Koşullu sevgi ile koşulsuz sevgi arasında gerçekten bir fark var mı? 

Cevap “Evet”

 

Koşullu Sevgi:

Koşullu sevgi, kutuplaşmış bir duygudur yani zıt bir duyguya sahiptir. Sevginin zıt uçları nefrettir. Koşullu sevgi, egodan gelir ve genellikle birisine (romantik bir ortak, çocuk, ebeveyn, arkadaş…) veya bir şeye (ev, araba, iş …) odaklanır.

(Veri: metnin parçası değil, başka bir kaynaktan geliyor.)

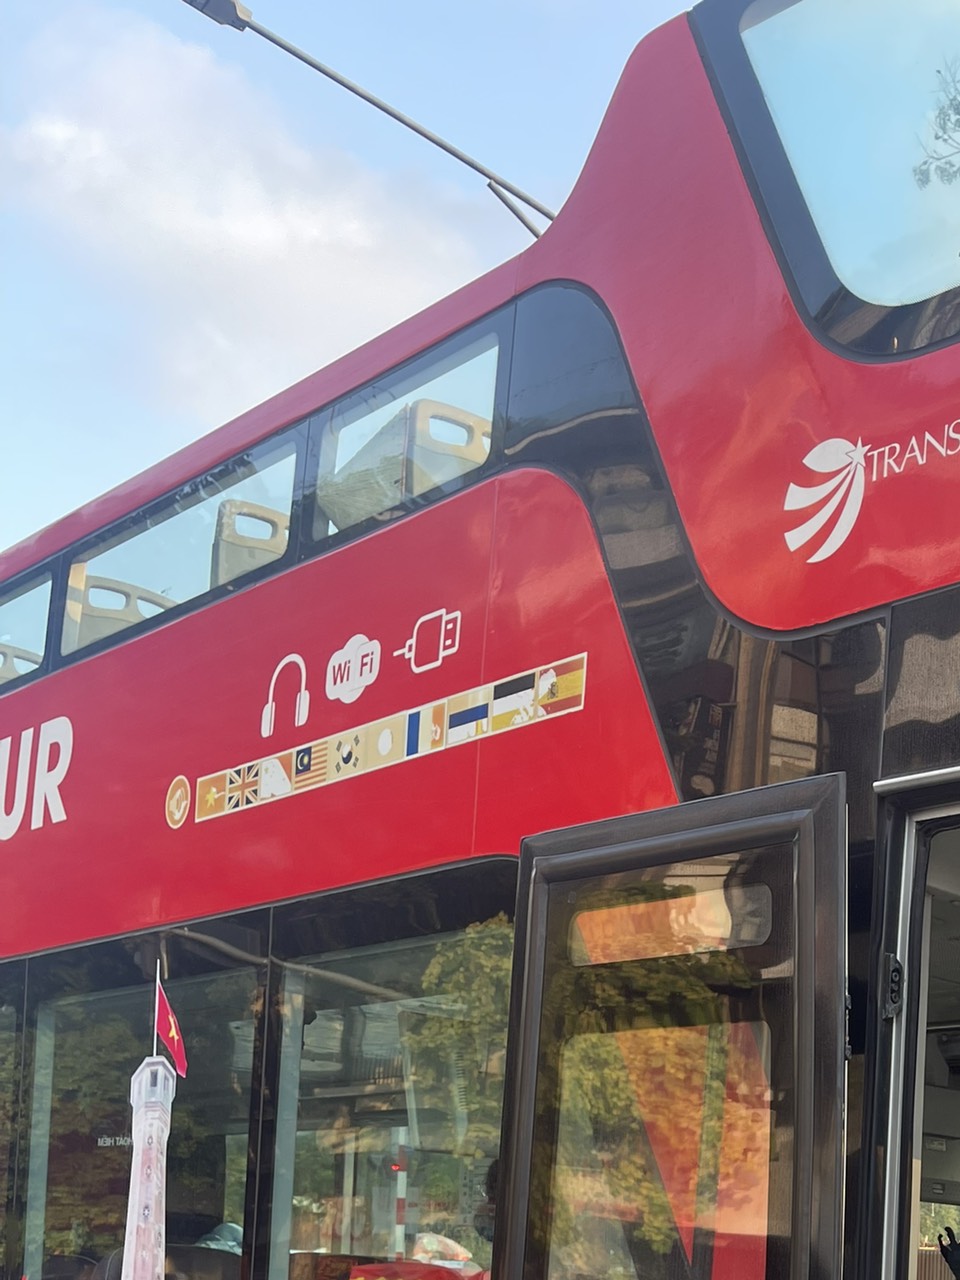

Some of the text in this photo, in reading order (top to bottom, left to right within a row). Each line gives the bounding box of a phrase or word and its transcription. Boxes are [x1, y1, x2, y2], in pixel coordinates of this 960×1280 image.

[332, 650, 374, 687] Wi Fi
[0, 715, 74, 841] UR

Birini şartlı olarak sevdiğimizde, onların kendi paradigmalarımıza ve beklentilerimize uyum sağlayacak şekilde hareket etmelerini ve düşünmelerini isteriz. 

Koşullu sevgide en çok kullanılan kelimeler “eğer ve çünkü’’ kelimeleridir. “Babamın istediği gibi bir çocuk olursam eğer mutlu olabilirimBu yemeği yersen beni çok mutlu edersinBu ödevimi yapmalıyım çünkü annem o zaman çok mutlu olur!’’ gibi cümleler karşımızdakine koşullu sevgiyi aşıladığımızı gösterir. Bu da annenin veya babanın istediği gibi bir çocuk olmak için, çocuğu farklı formlara iter, ilerleyen yaşlarda da bu girdiği çeşitli formlar çevresindeki ilişkilerine yansır.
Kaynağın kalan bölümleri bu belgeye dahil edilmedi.